Jimmy Carter responded by creating a state commission to improve services for the mentally ill. Later, as chairman, he created the National Commission on Mental Health, which led to the passage of the Mental Health Systems Act of 1980, a major federal policy reform that sought to treat people with mental illness in their communities.
Rosalyn Carter was the honorary co-chair of that commission and the driving force behind the legislation, traveling across the country to hear from experts and ordinary citizens and share her findings with Congress. Although it was effectively repealed during the Reagan administration, advocates say it set the stage for much of the progress since then.
At The Carter Center, he created a program in 1991 devoted exclusively to mental health and eventually established fellowships for journalists covering the subject. Years later, he lobbied Congress to create a landmark law requiring insurers to provide parity in mental health coverage.
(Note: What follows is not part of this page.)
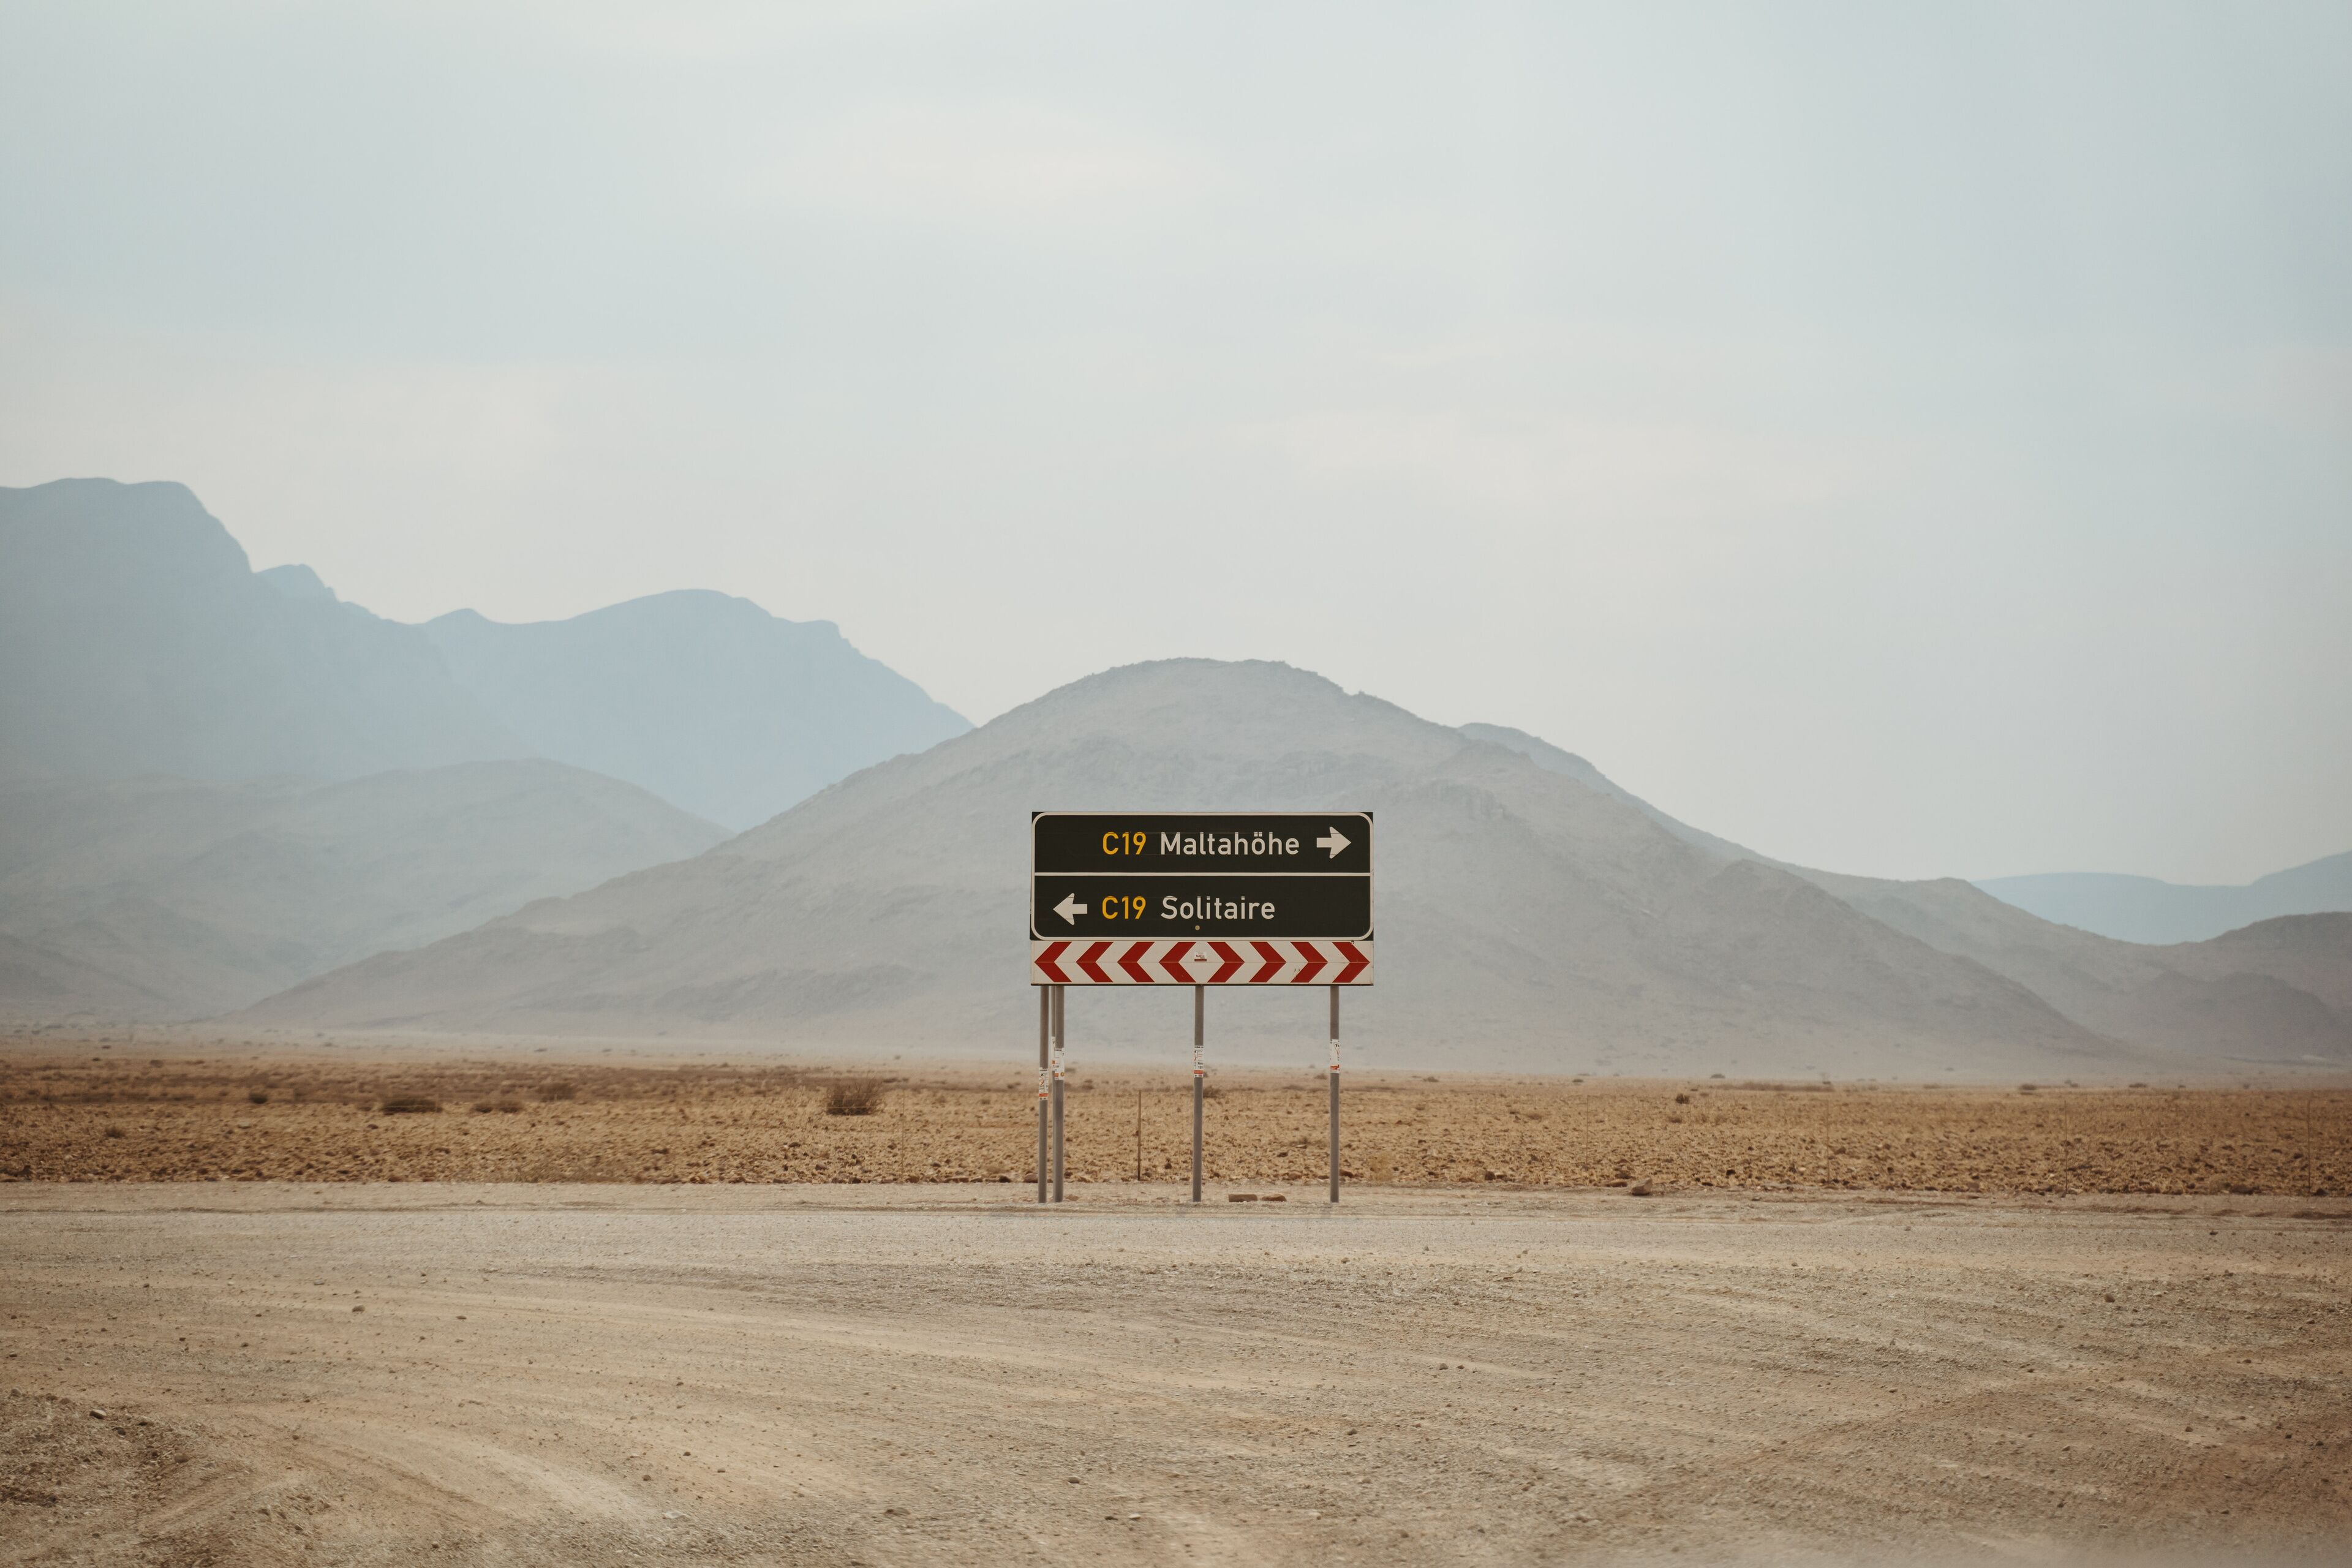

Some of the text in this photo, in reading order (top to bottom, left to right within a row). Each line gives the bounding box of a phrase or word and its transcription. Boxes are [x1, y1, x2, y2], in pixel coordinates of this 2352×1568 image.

Those who have worked with him over the decades say Achievements of the cards were based on her empathy and listening skills.
“His strength comes from his heart,” said Cynthia Wainscott, former board chair of the national nonprofit Mental Health America. “He’s very, very, very kind and he listens to people. When you talk to him, there can be three conversations around you, but you know that he has a crush on you, and he listens to you.”
He was also an effective and inspiring mobilizer with sharp instincts, Wainscott said.
In preparation for an annual mental health symposium, Carter once suggested contacting a pollster to clarify the key message that 20% of Americans will experience a mental disorder in any given year. The survey conducted focus groups and found that people do not believe the statistic, but if it is attributed to one in five Americans, they do.
“When you hear 20%, you have to imagine 100 people, 20 of whom are sick, and it’s complicated and impersonal. If you say one in five, people think about their workplace, their school, their neighborhood,” said Wainscott, who also chaired the National Mental Health Association of Georgia.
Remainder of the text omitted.